In the group letter, the city leaders stated: “American cities are still struggling to regain international visitors after more than two years of pandemic-related restrictions. In 2021, international visitation was a staggering 78 percent below prepandemic levels. Our constituents and our businesses suffered greatly from this steep decline in international travel spending, and they cannot fully recover until this vital sector of the U.S. economy rebounds.”

The mayors’ letter followed a similar appeal by more than 260 travel businesses and organizations from across the U.S., who wrote in May to Dr. Ashish Jha, White House coronavirus response coordinator, imploring the administration to “immediately remove the inbound testing requirement for vaccinated air travelers.”

More than 40 nations recently lifted predeparture testing requirements without negatively impacting public health, according to U.S. Travel. While nearly all other aspects of the economy have reopened without a testing requirement, inbound air travel for vaccinated individuals remains an outlier. For example, the U.S. government does not require proof of a negative Covid-19 test at U.S. land border ports of entry.

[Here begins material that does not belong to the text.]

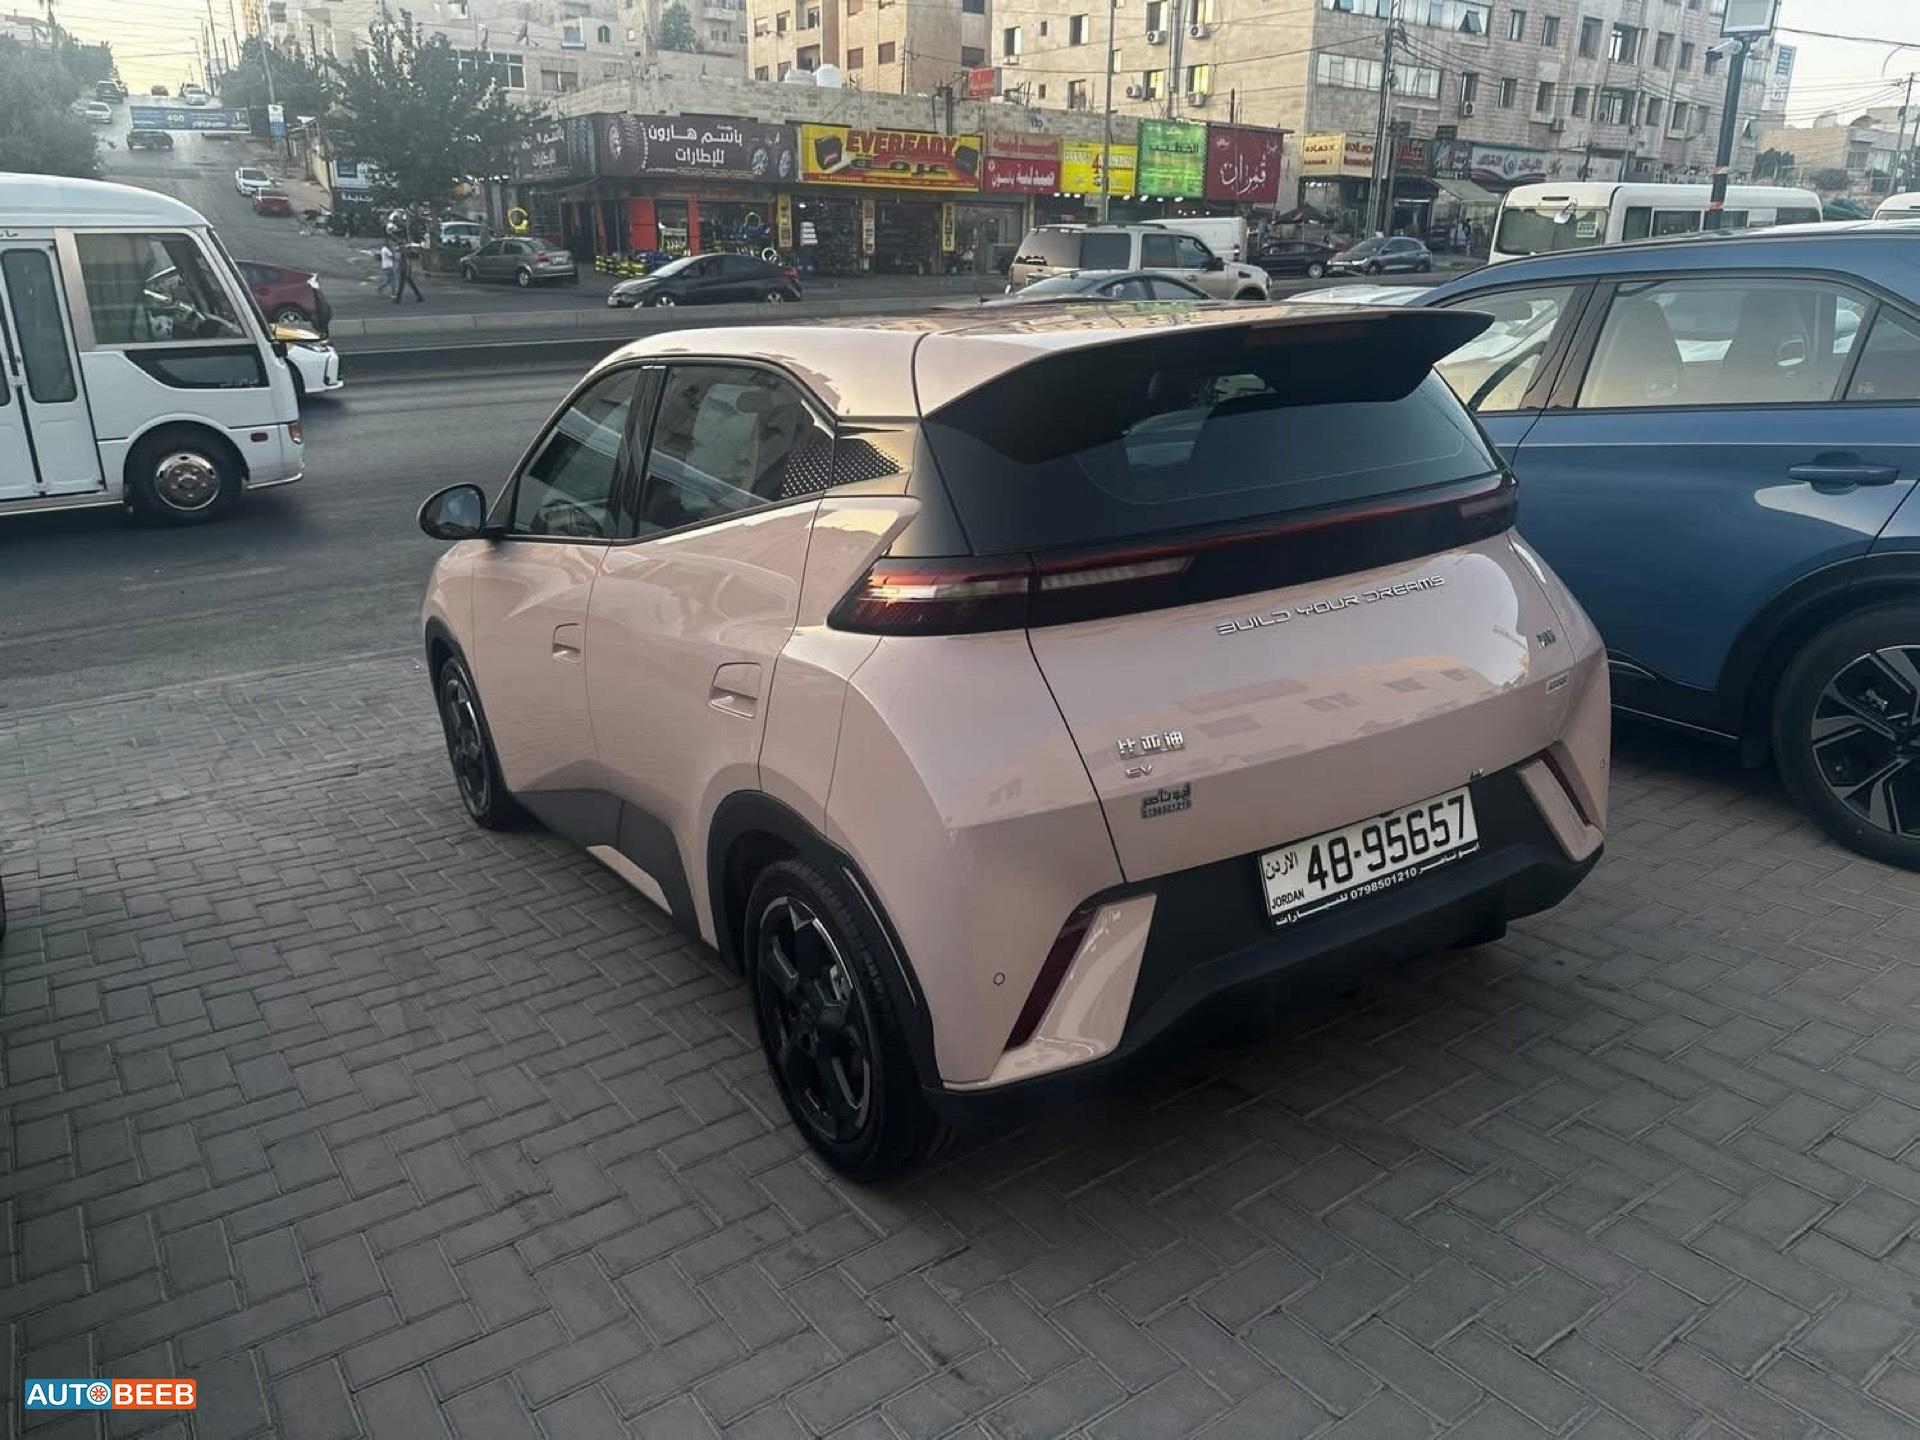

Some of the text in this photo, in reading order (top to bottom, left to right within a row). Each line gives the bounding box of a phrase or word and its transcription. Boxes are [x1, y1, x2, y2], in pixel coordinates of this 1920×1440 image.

White House Sets Strategy for Attracting International Visitors

Earlier this week, Commerce Secretary Gina M. Raimondo announced a new National Travel and Tourism Strategy that sets an ambitious five-year goal of attracting 90 million international visitors to the United States each year. The department estimates these visitors would spend $279 billion annually — expenditures that will support job creation in communities across the United States and its territories.
International travel spending in the U.S. was still 78 percent lower in 2021 than in 2019, according to U.S. Travel. The testing requirement has been a major barrier to economic recovery. In fact, a recent U.S. Travel survey found that 54 percent of international travelers were less likely to visit the U.S. due to the mandated Covid test. Repealing the pre-departure testing requirement is projected to bring an additional 5.4 million visitors to the U.S. and an additional $9 billion in travel spending through the remainder of 2022, per the study.